PROBLEM DETAILS
Pictures are not part of the copy. Write out exactly the lines from the line with "this 1428×1904 image." through the end of the entries below.
---- EXERCISE DATA
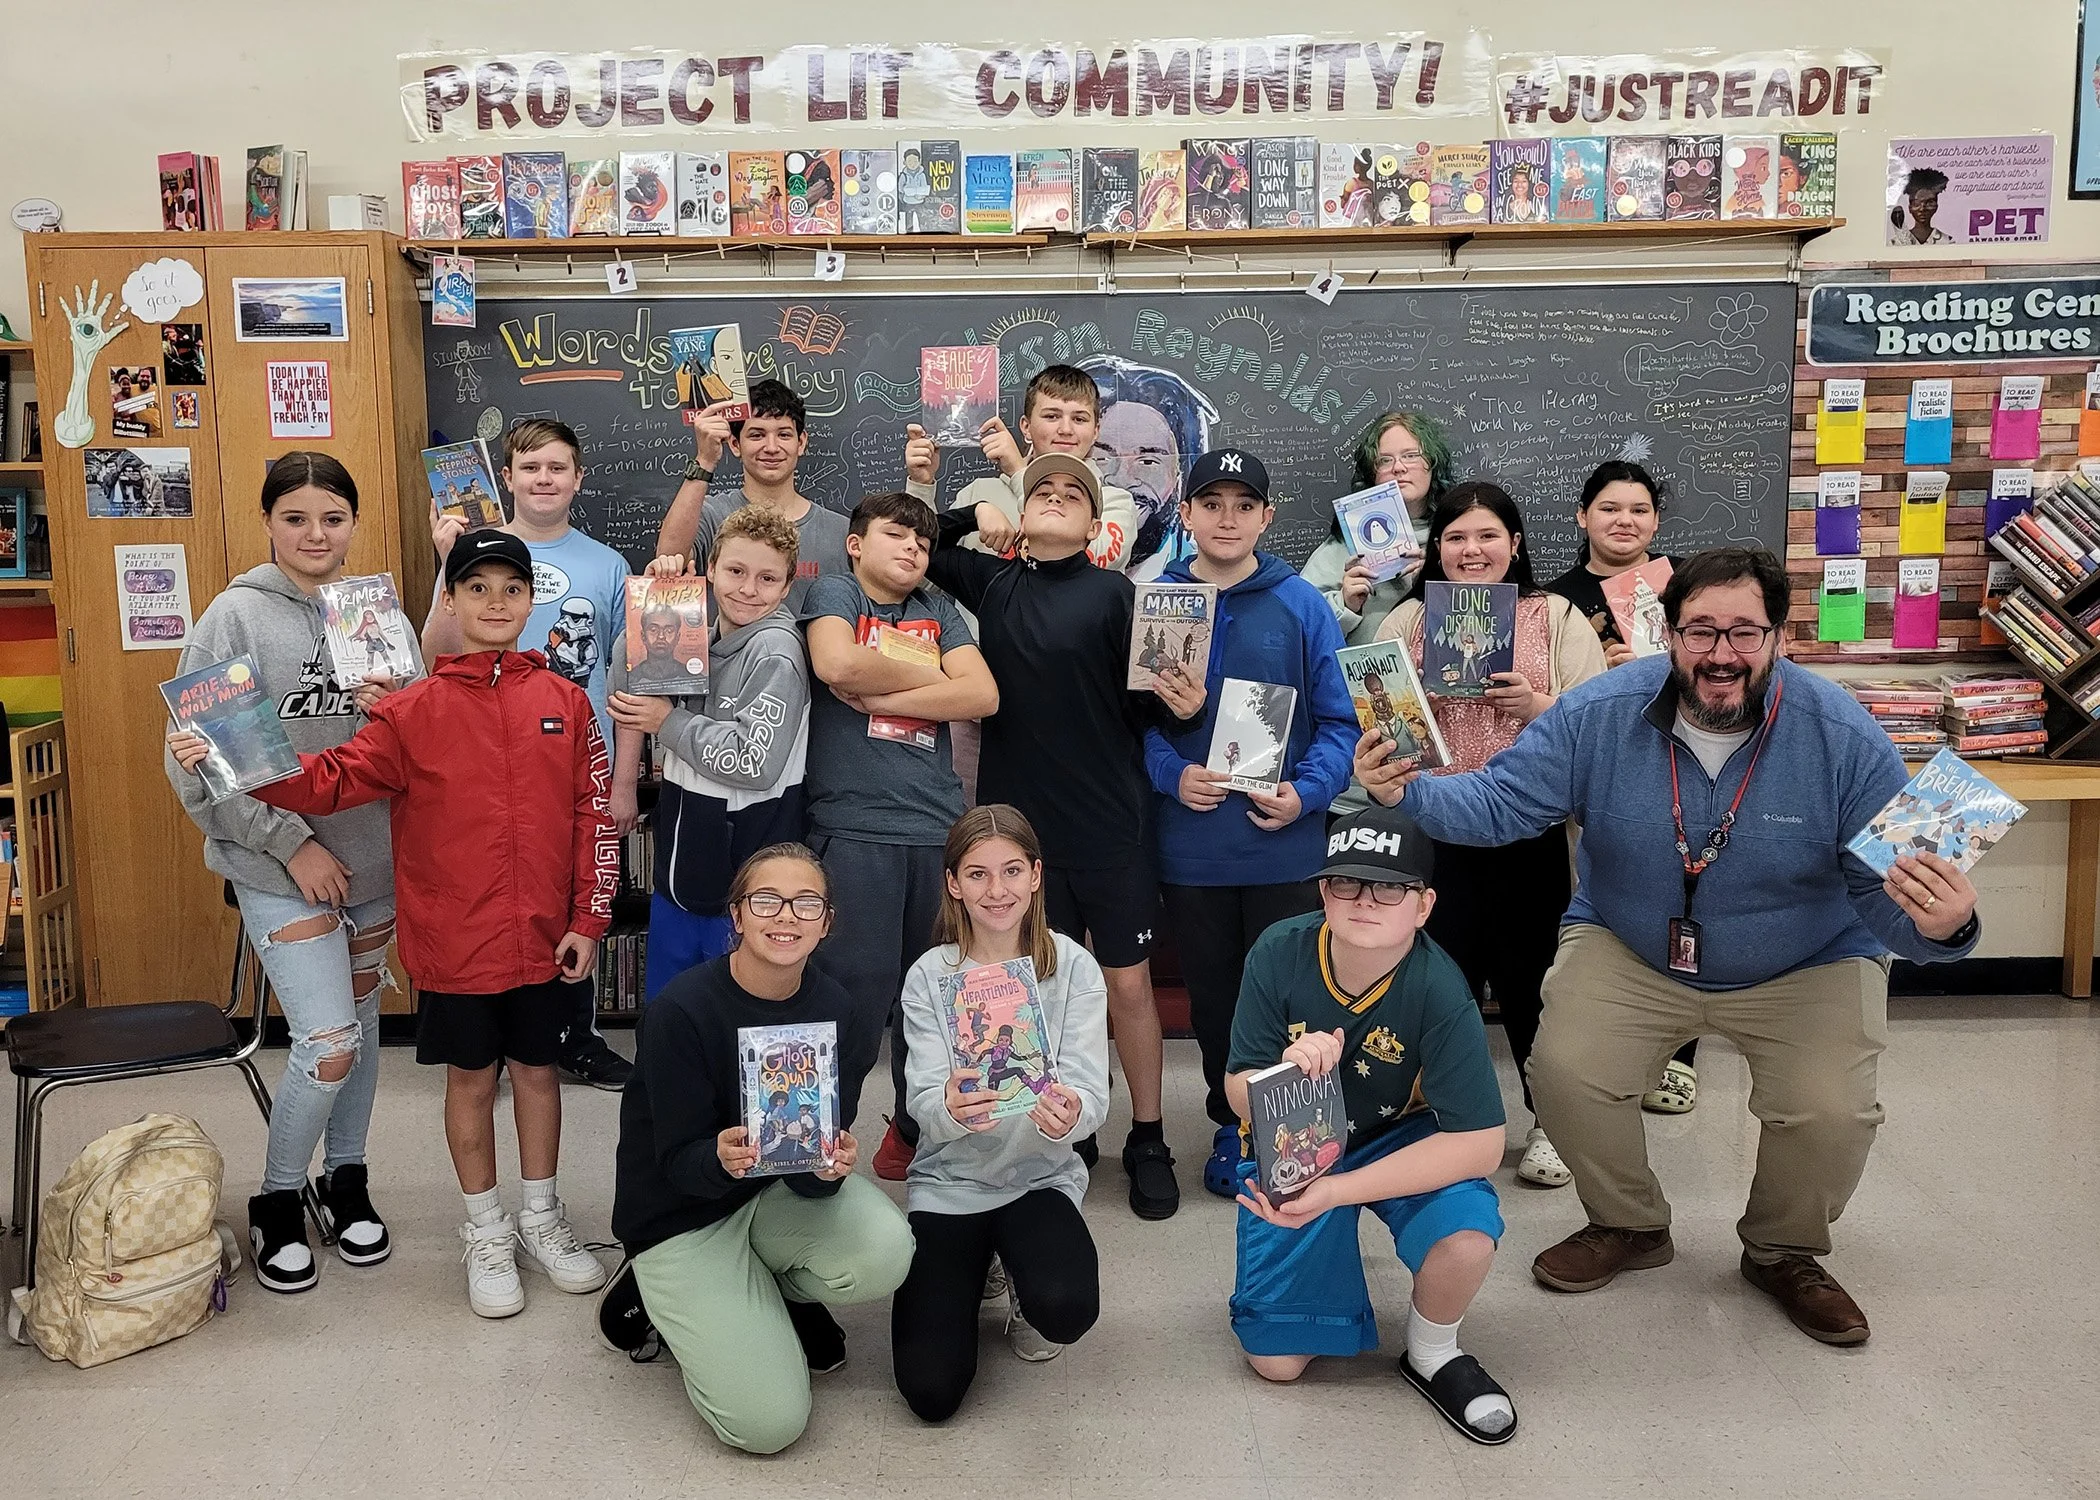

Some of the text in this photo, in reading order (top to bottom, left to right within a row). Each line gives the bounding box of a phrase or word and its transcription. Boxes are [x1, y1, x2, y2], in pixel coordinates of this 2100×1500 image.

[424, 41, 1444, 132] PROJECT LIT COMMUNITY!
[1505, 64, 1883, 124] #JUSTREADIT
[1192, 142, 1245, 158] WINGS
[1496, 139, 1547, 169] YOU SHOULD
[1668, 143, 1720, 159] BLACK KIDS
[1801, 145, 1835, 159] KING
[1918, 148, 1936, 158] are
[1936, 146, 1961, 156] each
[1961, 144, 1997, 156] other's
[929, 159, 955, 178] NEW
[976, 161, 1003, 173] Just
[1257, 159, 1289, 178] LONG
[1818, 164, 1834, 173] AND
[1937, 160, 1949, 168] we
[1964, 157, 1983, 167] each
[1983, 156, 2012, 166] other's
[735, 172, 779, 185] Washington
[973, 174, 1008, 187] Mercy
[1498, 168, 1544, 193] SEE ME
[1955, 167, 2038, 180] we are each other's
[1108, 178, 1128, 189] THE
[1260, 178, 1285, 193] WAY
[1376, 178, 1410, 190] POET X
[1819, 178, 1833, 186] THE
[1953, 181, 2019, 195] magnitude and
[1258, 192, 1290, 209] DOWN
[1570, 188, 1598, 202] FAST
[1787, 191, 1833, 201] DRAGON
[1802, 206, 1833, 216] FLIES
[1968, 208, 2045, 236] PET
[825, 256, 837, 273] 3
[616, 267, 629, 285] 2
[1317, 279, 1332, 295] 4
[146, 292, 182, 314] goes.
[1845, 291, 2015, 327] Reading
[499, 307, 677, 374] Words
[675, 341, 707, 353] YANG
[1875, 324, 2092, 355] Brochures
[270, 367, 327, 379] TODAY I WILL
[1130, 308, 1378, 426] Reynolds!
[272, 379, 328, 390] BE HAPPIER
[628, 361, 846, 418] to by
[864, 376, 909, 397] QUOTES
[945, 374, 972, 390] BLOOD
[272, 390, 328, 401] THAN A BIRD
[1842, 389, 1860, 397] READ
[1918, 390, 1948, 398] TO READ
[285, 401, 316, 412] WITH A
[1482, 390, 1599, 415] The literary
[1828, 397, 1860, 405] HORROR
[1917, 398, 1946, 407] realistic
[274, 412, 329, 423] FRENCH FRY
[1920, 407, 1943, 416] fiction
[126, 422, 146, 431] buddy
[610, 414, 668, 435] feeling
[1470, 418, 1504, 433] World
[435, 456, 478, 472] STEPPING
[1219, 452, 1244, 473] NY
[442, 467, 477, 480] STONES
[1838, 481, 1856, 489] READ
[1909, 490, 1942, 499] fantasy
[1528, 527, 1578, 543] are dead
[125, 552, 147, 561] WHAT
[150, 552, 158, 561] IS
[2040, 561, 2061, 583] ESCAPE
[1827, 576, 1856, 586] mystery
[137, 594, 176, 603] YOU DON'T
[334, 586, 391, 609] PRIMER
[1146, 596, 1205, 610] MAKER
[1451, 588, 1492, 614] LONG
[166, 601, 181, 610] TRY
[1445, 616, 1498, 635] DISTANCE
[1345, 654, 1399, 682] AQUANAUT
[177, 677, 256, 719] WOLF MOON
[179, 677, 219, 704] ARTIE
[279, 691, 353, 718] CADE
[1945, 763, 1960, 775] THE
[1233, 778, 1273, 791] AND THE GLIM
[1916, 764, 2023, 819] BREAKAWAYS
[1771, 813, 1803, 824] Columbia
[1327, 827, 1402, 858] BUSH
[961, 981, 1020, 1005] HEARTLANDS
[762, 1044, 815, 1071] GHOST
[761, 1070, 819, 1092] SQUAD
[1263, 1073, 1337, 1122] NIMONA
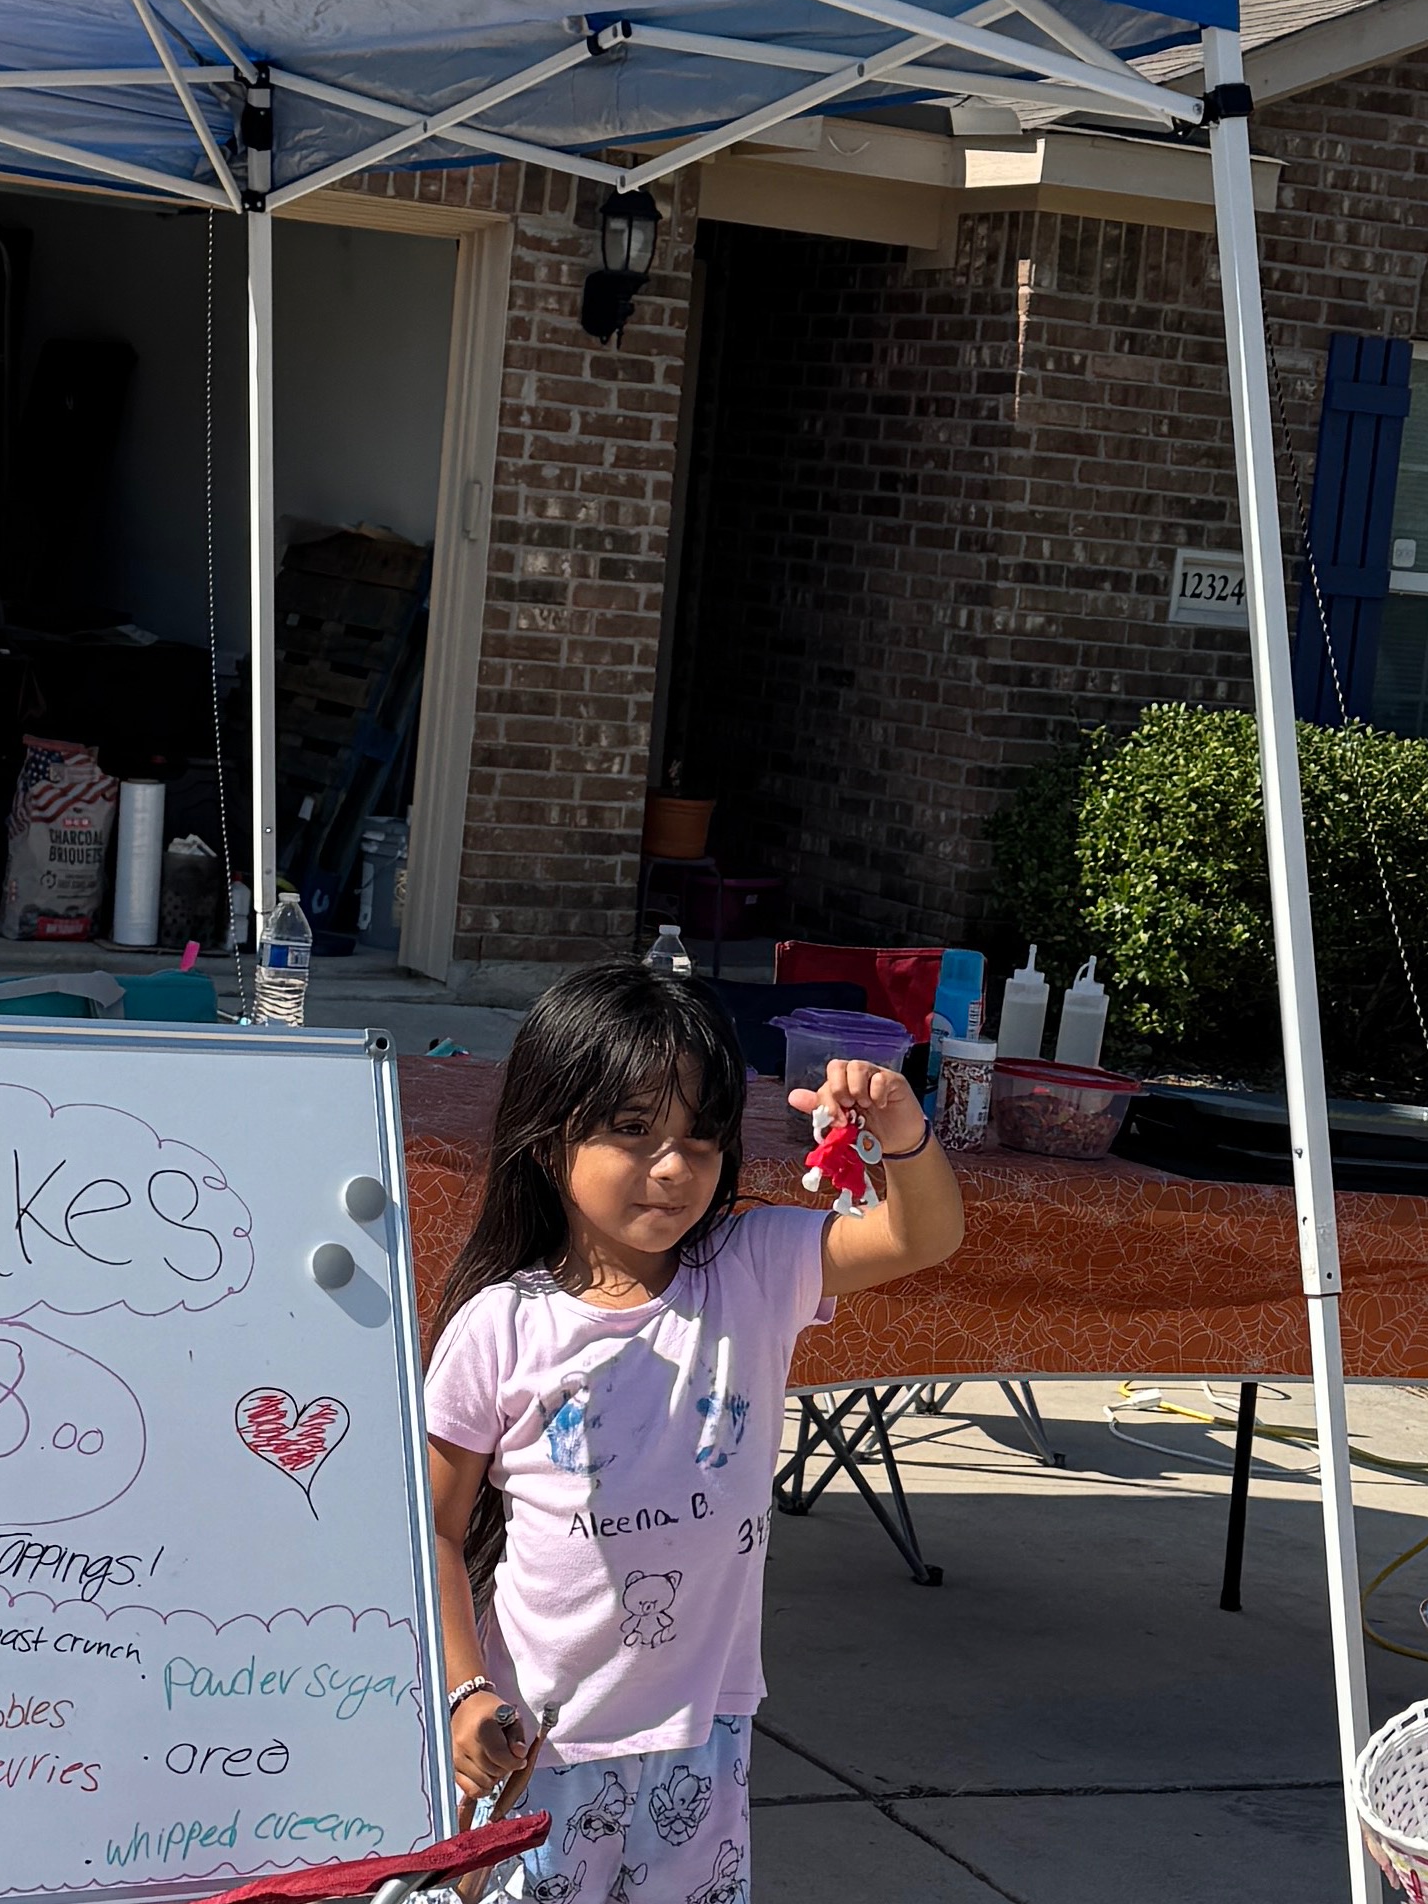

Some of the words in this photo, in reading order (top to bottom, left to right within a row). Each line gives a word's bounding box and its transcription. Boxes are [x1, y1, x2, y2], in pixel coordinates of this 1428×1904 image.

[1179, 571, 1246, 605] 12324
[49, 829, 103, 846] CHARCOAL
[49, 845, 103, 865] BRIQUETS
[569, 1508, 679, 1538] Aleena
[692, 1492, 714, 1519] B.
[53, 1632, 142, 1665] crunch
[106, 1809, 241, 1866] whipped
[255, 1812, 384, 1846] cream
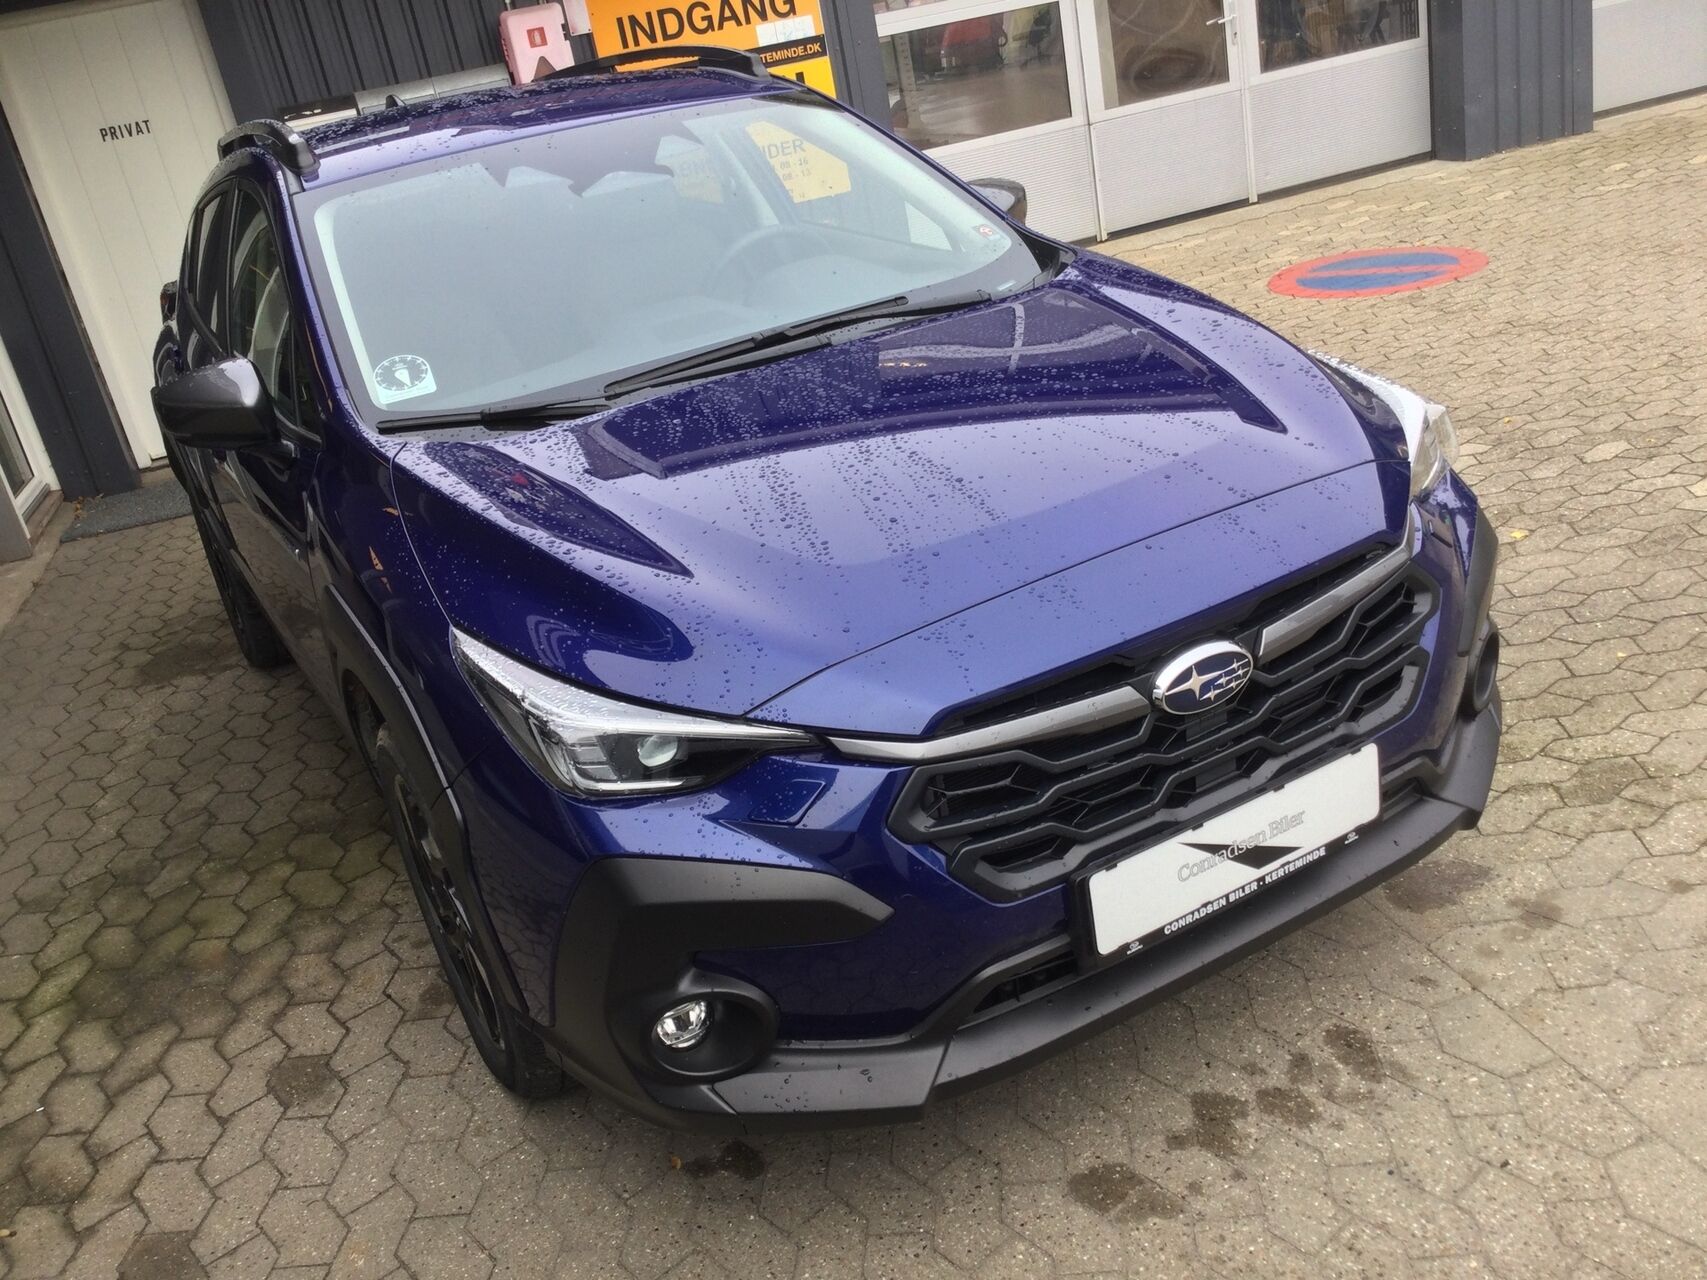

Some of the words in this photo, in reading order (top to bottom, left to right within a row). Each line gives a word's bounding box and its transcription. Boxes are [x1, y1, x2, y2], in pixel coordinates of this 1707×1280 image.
--------
RESPONSE AREA
Some of the words in this photo, in reading order (top to bottom, left to right within a row). Each line gives a word's bounding box and its transcription. Boxes are [x1, y1, x2, y2], in pixel coordinates of this 1428×1904 image.

[1179, 571, 1246, 605] 12324
[49, 829, 103, 846] CHARCOAL
[49, 845, 103, 865] BRIQUETS
[569, 1508, 679, 1538] Aleena
[692, 1492, 714, 1519] B.
[53, 1632, 142, 1665] crunch
[106, 1809, 241, 1866] whipped
[255, 1812, 384, 1846] cream

Some of the words in this photo, in reading order (top to bottom, left to right within a row). Each line gives a word's bounding box and its transcription. Boxes are [x1, y1, x2, y2], in pixel coordinates of this 1707×1280 image.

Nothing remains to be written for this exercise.